Warning: Undefined property: stdClass::$comments in /home1/desan476/public_html/wp-content/themes/plicplac/functions.php on line 219
20 Comentários
ahhhhh, teus textos são maravilhosos – e cara, transbordam só energias do bem! tô amando aprender as ferramentas, e é incrível ler teus textos e usar tuas inspirações.
tô tentando montar meu bullet journal (com um misto de perfeccionismo + muiiiitos TOCs) e estou super feliz com o projeto. parabéns por espalhar amor num mundão que tá precisando tanto de gente do bem.
ps.: obrigada também por me apresentar à textos maravilhosamente bem escritos e sem usar letras maiúsculas. lindo. ❤️
Ana, você é muito fofa! brigada por esse comentário incrível. vamos levar amor pro mundo mesmo ♥
Caramba, que história incrível. Sabe, qualquer outra pessoa poderia ter odiado. Eu acho que a gente amadurece e descobre o verdadeiro sentido das coisas quando decide (e isso é uma decisão, mágica, mas é uma decisão) que a gente pode tirar proveito de toda situação. Não importa o quão esquisita, ruim, bizarra, tem sempre algo que a gente aprende com ela. Que a gente aproveita. Os murros que a gente dá nas paredes da vida nada mais são do que lições necessárias. Eu tô bem feliz de você ter se encontrado naquele aeroporto. <3
nossa, sim. foi um momento muito importante mesmo, porque acho que foi a primeira vez que eu percebi MESMO que tinha alguma coisa errada e que tudo o que eu tava sentindo não é normal, sabe? foi muito importante pra tudo o que aconteceu depois e eu acabar estar onde estou hoje.sou feliz demais por causa disso ♥
Maki, que lindo!
Você é uma inspiração pra mim, saiba disso.
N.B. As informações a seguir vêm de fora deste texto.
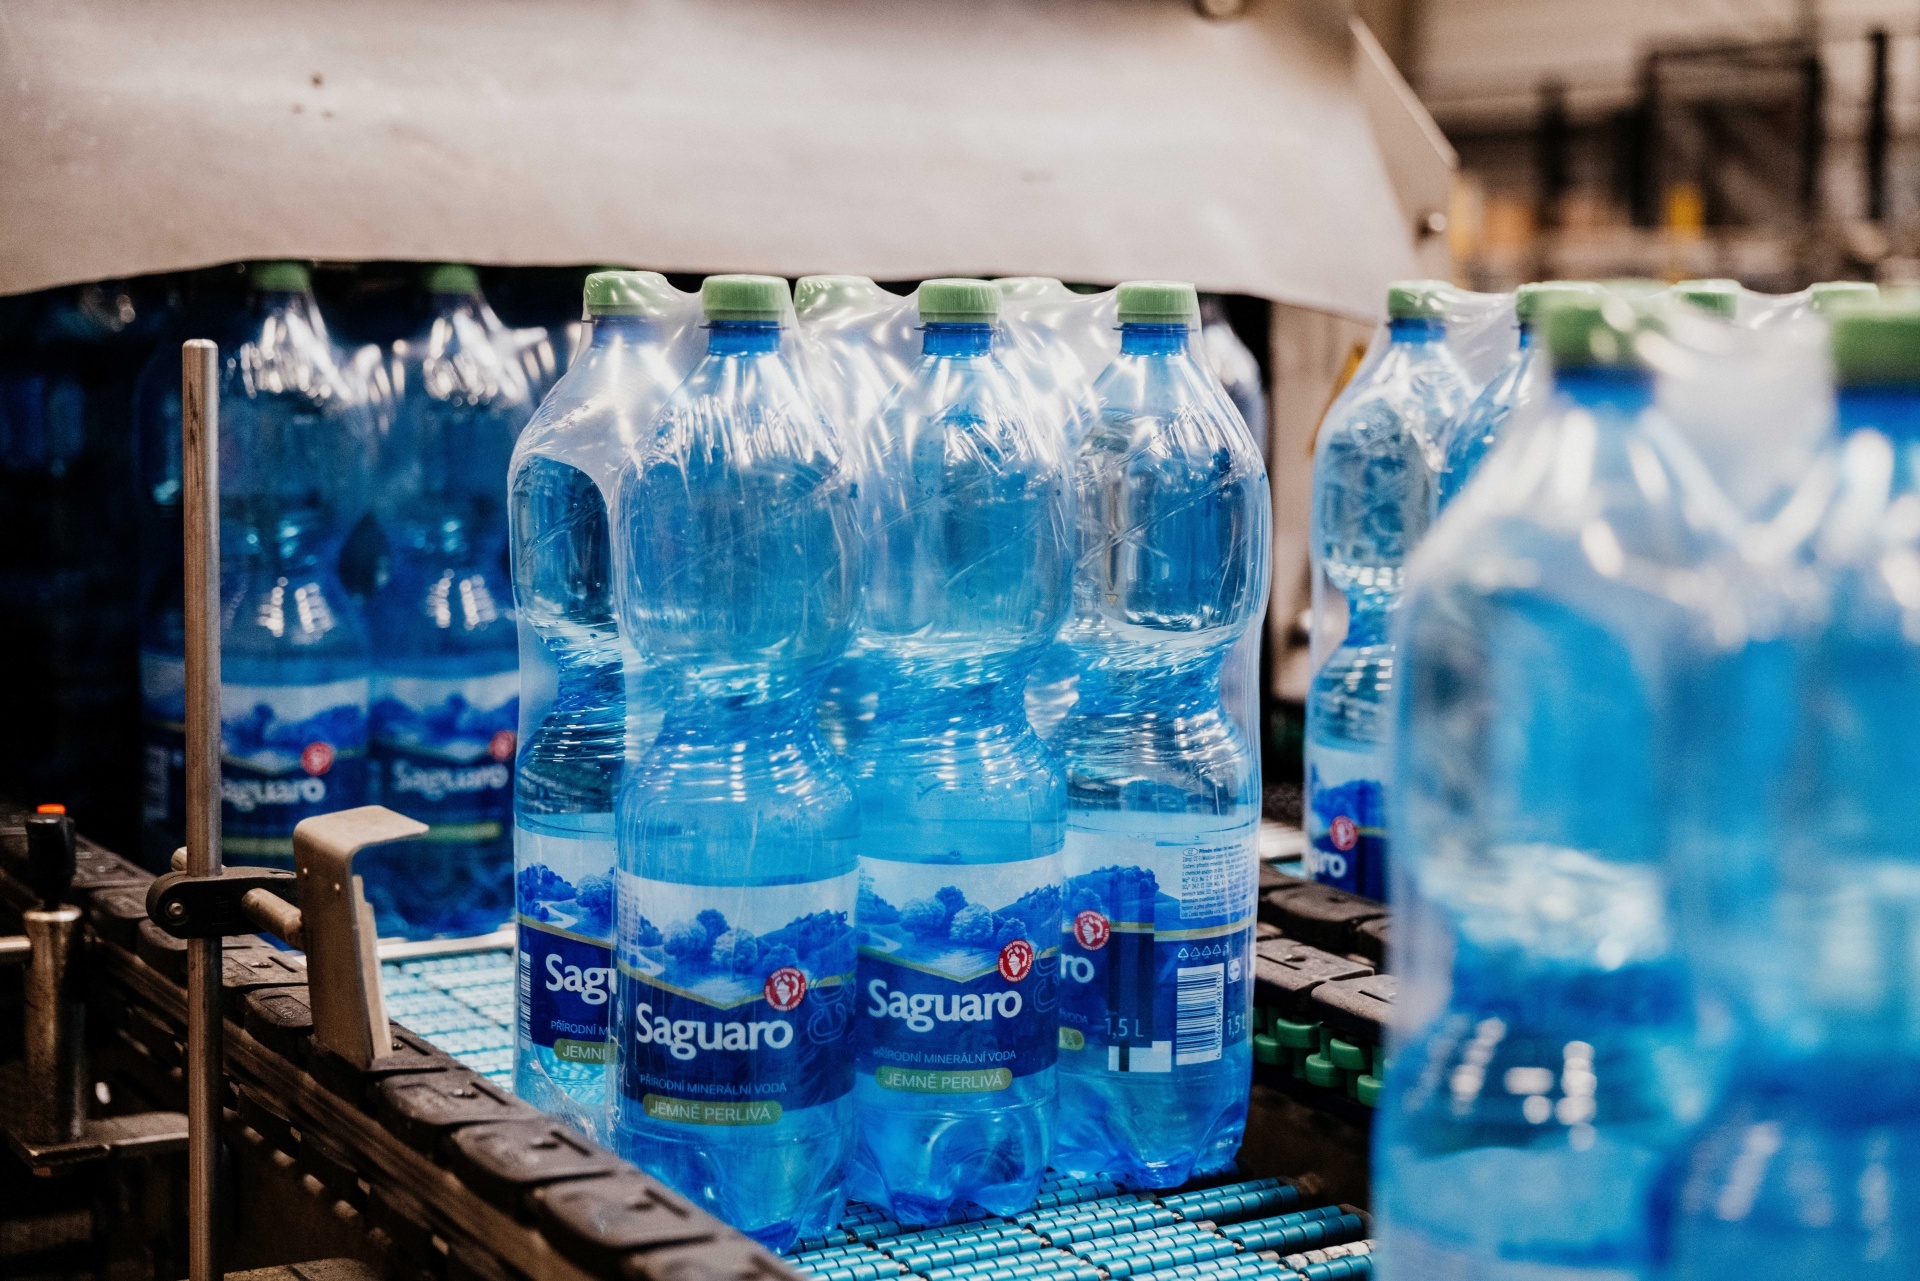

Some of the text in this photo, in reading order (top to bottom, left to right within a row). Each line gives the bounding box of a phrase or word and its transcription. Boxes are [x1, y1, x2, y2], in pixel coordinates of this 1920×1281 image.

[868, 978, 1023, 1033] Saguaro
[550, 1020, 597, 1036] PŘÍRODNÍ
[636, 1002, 794, 1061] Saguaro
[1104, 1017, 1145, 1039] 1,5 L
[562, 1044, 607, 1061] JEMN
[924, 1050, 986, 1065] MINERÁLNÍ
[987, 1050, 1017, 1063] VODA
[640, 1073, 787, 1096] PŘÍRODNÍ MINERÁLNÍ VODA
[885, 1071, 1003, 1089] JEMNĚ PERLIVÁ
[650, 1099, 772, 1122] JEMNĚ PERLIVÁ
E você não está sozinha, nunca esteve. Nós sempre precisamos dar o primeiro passo, não é? Imagine se você não tivesse ido em direção à moça do Chandon?
Feliz 2018!!!
nossa, nem brinca. o que aconteceu foi perfeito em cada detalhe ♥
Maki, passando aqui só pra te desejar um 2018 maravilhoso, com muitos posts incríveis e de muita luz e aprendizados!!!! 🙂 Não tenho comentado com frequência por aqui, mas saiba que te leio todos os dias!!!! 🙂 saio daqui do blog refletindo sempre!!!
Beijocassss!!!! Erika/SP
Erika, você é tão fofa! brigada pelas suas mensagens ♥ um ano incrível pra você também!
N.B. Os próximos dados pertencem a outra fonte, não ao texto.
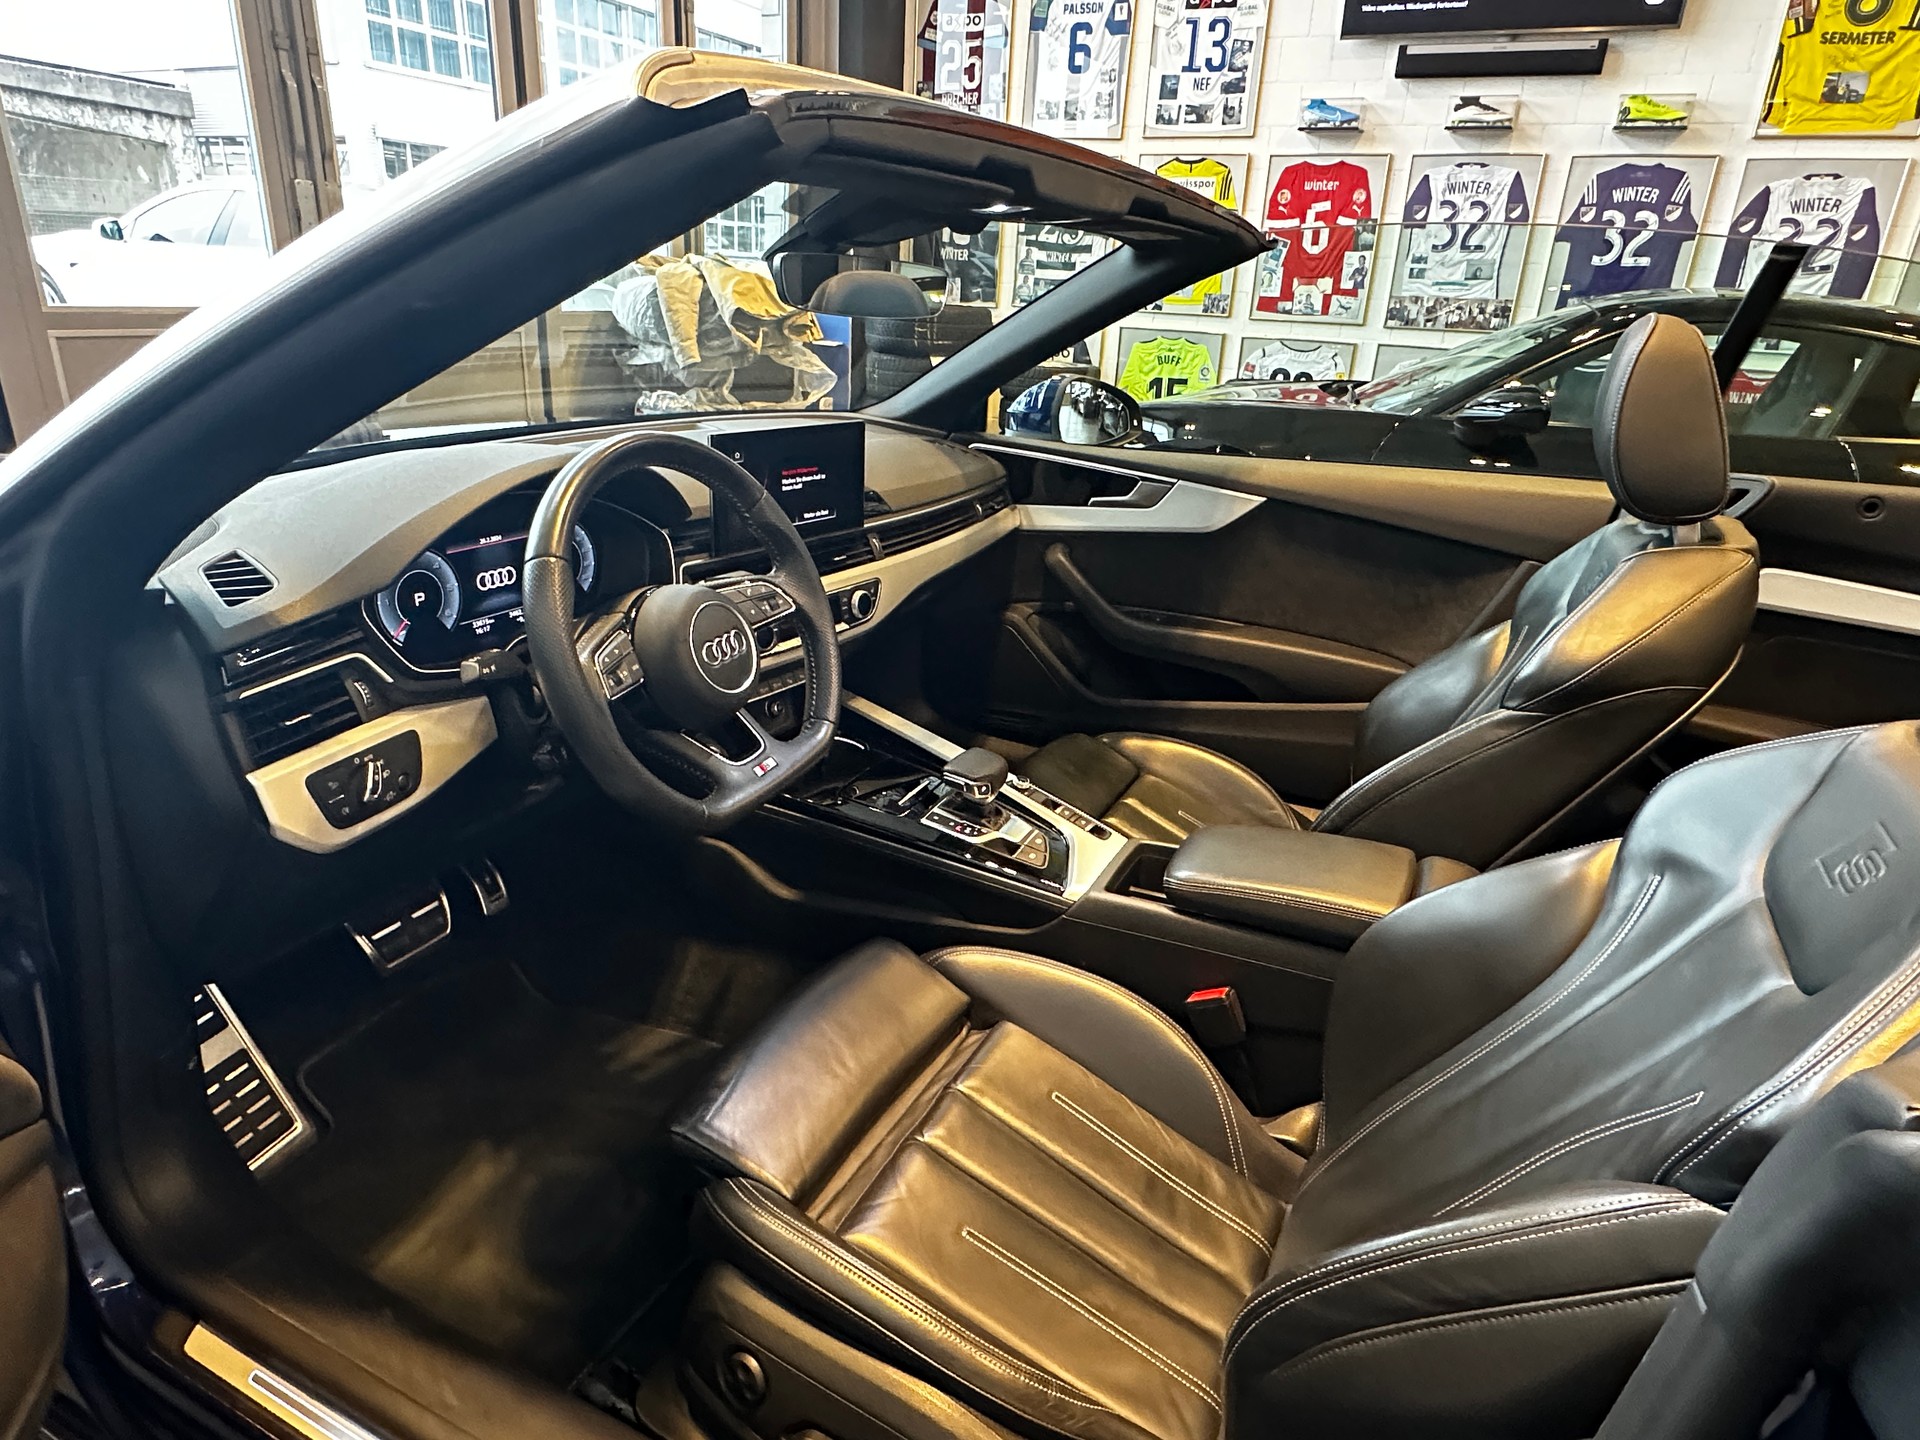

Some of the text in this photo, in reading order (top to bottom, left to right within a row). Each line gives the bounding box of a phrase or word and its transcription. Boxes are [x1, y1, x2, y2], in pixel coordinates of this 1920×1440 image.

[1063, 2, 1104, 14] PALSSON
[1181, 16, 1232, 73] 13
[1820, 30, 1896, 45] SERMETER
[1068, 22, 1093, 74] 6
[940, 38, 982, 91] 25
[1193, 77, 1211, 91] NEF
[1304, 179, 1339, 191] winter
[1447, 181, 1491, 195] WINTER
[1612, 186, 1660, 204] WINTER
[1790, 198, 1842, 215] WINTER
[1301, 200, 1332, 255] 6
[1431, 199, 1491, 254] 32
[1591, 209, 1659, 267] 32
[1157, 355, 1182, 367] BUFF
[414, 592, 426, 607] P
Que bacana vc ter compartilhado sua história. Quando tudo parece estar perdido e a magia toma conta e nos mostra que tudo depende do ângulo e do quanto nos permitimos viver as oportunidades, as vezes bem diferente do que nos programamos ou almejamos, mas experiências e boas experiências.
não é, Josy? eu também acho ♥
CARACA MAKI! Nunca imaginei que você pudesse ter vivido uma cena de filme assim na vida real. Sério, acompanhei o post roendo as unhas e tão nervosa com o que ia acontecer em seguida, que você nem imagina! Minha mente imaginária é claro, que idealizou tudo o que você foi escrevendo com uma boa trilha sonora. Fico feliz que no fim de tudo você tenha conseguido ter uma virada de ano bacana ao lado de pessoas desconhecidas com chandon e tenha se divertido e tirado disso uma boa lembrança.
Vou me lembrar de quando eu me sentir sozinha olhar mais de duas vezes para os lados ok ?
Clarinha, faça isso! você pode se surpreender ♥
Uma história linda, fiquei imaginando cada pedacinho dela. Deve ter sido um dia maravilhoso. Tenho certeza que eles lembram de vc.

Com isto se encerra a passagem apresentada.